[Source data]
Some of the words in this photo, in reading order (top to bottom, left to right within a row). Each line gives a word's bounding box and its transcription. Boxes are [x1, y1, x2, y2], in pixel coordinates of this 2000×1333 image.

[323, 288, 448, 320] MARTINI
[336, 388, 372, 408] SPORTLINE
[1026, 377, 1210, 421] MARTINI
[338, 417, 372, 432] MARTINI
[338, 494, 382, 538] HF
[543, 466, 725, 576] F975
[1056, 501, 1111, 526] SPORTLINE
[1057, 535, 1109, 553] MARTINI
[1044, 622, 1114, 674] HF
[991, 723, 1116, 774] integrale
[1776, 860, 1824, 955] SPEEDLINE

Work required
Each record must appear again, word for word.

Task result
Some of the words in this photo, in reading order (top to bottom, left to right within a row). Each line gives a word's bounding box and its transcription. Boxes are [x1, y1, x2, y2], in pixel coordinates of this 2000×1333 image.

[323, 288, 448, 320] MARTINI
[336, 388, 372, 408] SPORTLINE
[1026, 377, 1210, 421] MARTINI
[338, 417, 372, 432] MARTINI
[338, 494, 382, 538] HF
[543, 466, 725, 576] F975
[1056, 501, 1111, 526] SPORTLINE
[1057, 535, 1109, 553] MARTINI
[1044, 622, 1114, 674] HF
[991, 723, 1116, 774] integrale
[1776, 860, 1824, 955] SPEEDLINE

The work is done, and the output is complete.